◆ **Work task**
All of the data is to be copied word for word.

◆ **Data under study**
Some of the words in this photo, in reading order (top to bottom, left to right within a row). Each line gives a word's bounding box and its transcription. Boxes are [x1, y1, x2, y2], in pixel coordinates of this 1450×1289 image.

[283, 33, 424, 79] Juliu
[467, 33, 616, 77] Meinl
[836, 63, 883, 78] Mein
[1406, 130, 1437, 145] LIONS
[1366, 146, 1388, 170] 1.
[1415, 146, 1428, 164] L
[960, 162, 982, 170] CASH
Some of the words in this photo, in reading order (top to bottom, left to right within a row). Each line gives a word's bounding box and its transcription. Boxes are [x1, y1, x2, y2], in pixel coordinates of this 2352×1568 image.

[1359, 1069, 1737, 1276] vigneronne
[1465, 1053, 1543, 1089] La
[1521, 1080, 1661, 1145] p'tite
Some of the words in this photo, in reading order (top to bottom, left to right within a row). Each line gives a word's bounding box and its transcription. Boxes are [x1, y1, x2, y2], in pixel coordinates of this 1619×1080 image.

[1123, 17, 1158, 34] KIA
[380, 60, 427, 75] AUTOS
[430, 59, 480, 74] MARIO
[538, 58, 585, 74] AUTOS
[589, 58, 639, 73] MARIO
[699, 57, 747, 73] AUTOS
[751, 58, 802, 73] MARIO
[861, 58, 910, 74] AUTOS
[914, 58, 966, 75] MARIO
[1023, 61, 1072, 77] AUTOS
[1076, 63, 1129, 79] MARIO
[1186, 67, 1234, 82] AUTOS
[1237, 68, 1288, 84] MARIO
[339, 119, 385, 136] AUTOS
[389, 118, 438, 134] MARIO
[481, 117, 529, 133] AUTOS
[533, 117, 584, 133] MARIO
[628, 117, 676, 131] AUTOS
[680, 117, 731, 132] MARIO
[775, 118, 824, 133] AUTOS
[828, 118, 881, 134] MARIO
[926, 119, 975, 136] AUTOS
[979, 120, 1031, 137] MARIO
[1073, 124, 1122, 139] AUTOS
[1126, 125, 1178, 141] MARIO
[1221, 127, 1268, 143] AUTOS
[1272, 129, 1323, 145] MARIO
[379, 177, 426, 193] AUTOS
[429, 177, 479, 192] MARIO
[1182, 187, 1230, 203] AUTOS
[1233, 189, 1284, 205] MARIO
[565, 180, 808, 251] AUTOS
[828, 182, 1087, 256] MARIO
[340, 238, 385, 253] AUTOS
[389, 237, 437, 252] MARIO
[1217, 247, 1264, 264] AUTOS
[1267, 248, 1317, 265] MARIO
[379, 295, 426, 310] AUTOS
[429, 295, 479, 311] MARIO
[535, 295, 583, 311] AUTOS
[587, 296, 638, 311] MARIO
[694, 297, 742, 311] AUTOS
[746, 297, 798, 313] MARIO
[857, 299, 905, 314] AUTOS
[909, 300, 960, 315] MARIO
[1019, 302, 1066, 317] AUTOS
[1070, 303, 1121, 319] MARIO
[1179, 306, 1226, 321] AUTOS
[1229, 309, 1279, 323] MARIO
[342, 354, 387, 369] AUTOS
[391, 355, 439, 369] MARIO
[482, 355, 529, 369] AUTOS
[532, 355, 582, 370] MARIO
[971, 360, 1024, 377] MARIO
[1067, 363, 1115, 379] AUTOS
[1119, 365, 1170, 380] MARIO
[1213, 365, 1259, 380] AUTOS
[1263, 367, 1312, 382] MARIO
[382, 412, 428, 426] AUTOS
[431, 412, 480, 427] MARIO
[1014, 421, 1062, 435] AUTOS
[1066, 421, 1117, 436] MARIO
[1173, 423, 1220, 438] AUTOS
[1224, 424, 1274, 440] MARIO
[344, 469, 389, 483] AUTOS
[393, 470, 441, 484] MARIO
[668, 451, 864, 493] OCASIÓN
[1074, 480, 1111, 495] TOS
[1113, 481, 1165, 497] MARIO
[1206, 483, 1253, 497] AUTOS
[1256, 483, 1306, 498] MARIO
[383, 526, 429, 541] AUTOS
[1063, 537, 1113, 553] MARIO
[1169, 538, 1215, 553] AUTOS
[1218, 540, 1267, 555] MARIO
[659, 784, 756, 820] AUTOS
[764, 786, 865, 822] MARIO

◆ **The answer**
Some of the words in this photo, in reading order (top to bottom, left to right within a row). Each line gives a word's bounding box and its transcription. Boxes are [x1, y1, x2, y2], in pixel coordinates of this 1450×1289 image.

[283, 33, 424, 79] Juliu
[467, 33, 616, 77] Meinl
[836, 63, 883, 78] Mein
[1406, 130, 1437, 145] LIONS
[1366, 146, 1388, 170] 1.
[1415, 146, 1428, 164] L
[960, 162, 982, 170] CASH
Some of the words in this photo, in reading order (top to bottom, left to right within a row). Each line gives a word's bounding box and its transcription. Boxes are [x1, y1, x2, y2], in pixel coordinates of this 2352×1568 image.

[1359, 1069, 1737, 1276] vigneronne
[1465, 1053, 1543, 1089] La
[1521, 1080, 1661, 1145] p'tite
Some of the words in this photo, in reading order (top to bottom, left to right within a row). Each line gives a word's bounding box and its transcription. Boxes are [x1, y1, x2, y2], in pixel coordinates of this 1619×1080 image.

[1123, 17, 1158, 34] KIA
[380, 60, 427, 75] AUTOS
[430, 59, 480, 74] MARIO
[538, 58, 585, 74] AUTOS
[589, 58, 639, 73] MARIO
[699, 57, 747, 73] AUTOS
[751, 58, 802, 73] MARIO
[861, 58, 910, 74] AUTOS
[914, 58, 966, 75] MARIO
[1023, 61, 1072, 77] AUTOS
[1076, 63, 1129, 79] MARIO
[1186, 67, 1234, 82] AUTOS
[1237, 68, 1288, 84] MARIO
[339, 119, 385, 136] AUTOS
[389, 118, 438, 134] MARIO
[481, 117, 529, 133] AUTOS
[533, 117, 584, 133] MARIO
[628, 117, 676, 131] AUTOS
[680, 117, 731, 132] MARIO
[775, 118, 824, 133] AUTOS
[828, 118, 881, 134] MARIO
[926, 119, 975, 136] AUTOS
[979, 120, 1031, 137] MARIO
[1073, 124, 1122, 139] AUTOS
[1126, 125, 1178, 141] MARIO
[1221, 127, 1268, 143] AUTOS
[1272, 129, 1323, 145] MARIO
[379, 177, 426, 193] AUTOS
[429, 177, 479, 192] MARIO
[1182, 187, 1230, 203] AUTOS
[1233, 189, 1284, 205] MARIO
[565, 180, 808, 251] AUTOS
[828, 182, 1087, 256] MARIO
[340, 238, 385, 253] AUTOS
[389, 237, 437, 252] MARIO
[1217, 247, 1264, 264] AUTOS
[1267, 248, 1317, 265] MARIO
[379, 295, 426, 310] AUTOS
[429, 295, 479, 311] MARIO
[535, 295, 583, 311] AUTOS
[587, 296, 638, 311] MARIO
[694, 297, 742, 311] AUTOS
[746, 297, 798, 313] MARIO
[857, 299, 905, 314] AUTOS
[909, 300, 960, 315] MARIO
[1019, 302, 1066, 317] AUTOS
[1070, 303, 1121, 319] MARIO
[1179, 306, 1226, 321] AUTOS
[1229, 309, 1279, 323] MARIO
[342, 354, 387, 369] AUTOS
[391, 355, 439, 369] MARIO
[482, 355, 529, 369] AUTOS
[532, 355, 582, 370] MARIO
[971, 360, 1024, 377] MARIO
[1067, 363, 1115, 379] AUTOS
[1119, 365, 1170, 380] MARIO
[1213, 365, 1259, 380] AUTOS
[1263, 367, 1312, 382] MARIO
[382, 412, 428, 426] AUTOS
[431, 412, 480, 427] MARIO
[1014, 421, 1062, 435] AUTOS
[1066, 421, 1117, 436] MARIO
[1173, 423, 1220, 438] AUTOS
[1224, 424, 1274, 440] MARIO
[344, 469, 389, 483] AUTOS
[393, 470, 441, 484] MARIO
[668, 451, 864, 493] OCASIÓN
[1074, 480, 1111, 495] TOS
[1113, 481, 1165, 497] MARIO
[1206, 483, 1253, 497] AUTOS
[1256, 483, 1306, 498] MARIO
[383, 526, 429, 541] AUTOS
[1063, 537, 1113, 553] MARIO
[1169, 538, 1215, 553] AUTOS
[1218, 540, 1267, 555] MARIO
[659, 784, 756, 820] AUTOS
[764, 786, 865, 822] MARIO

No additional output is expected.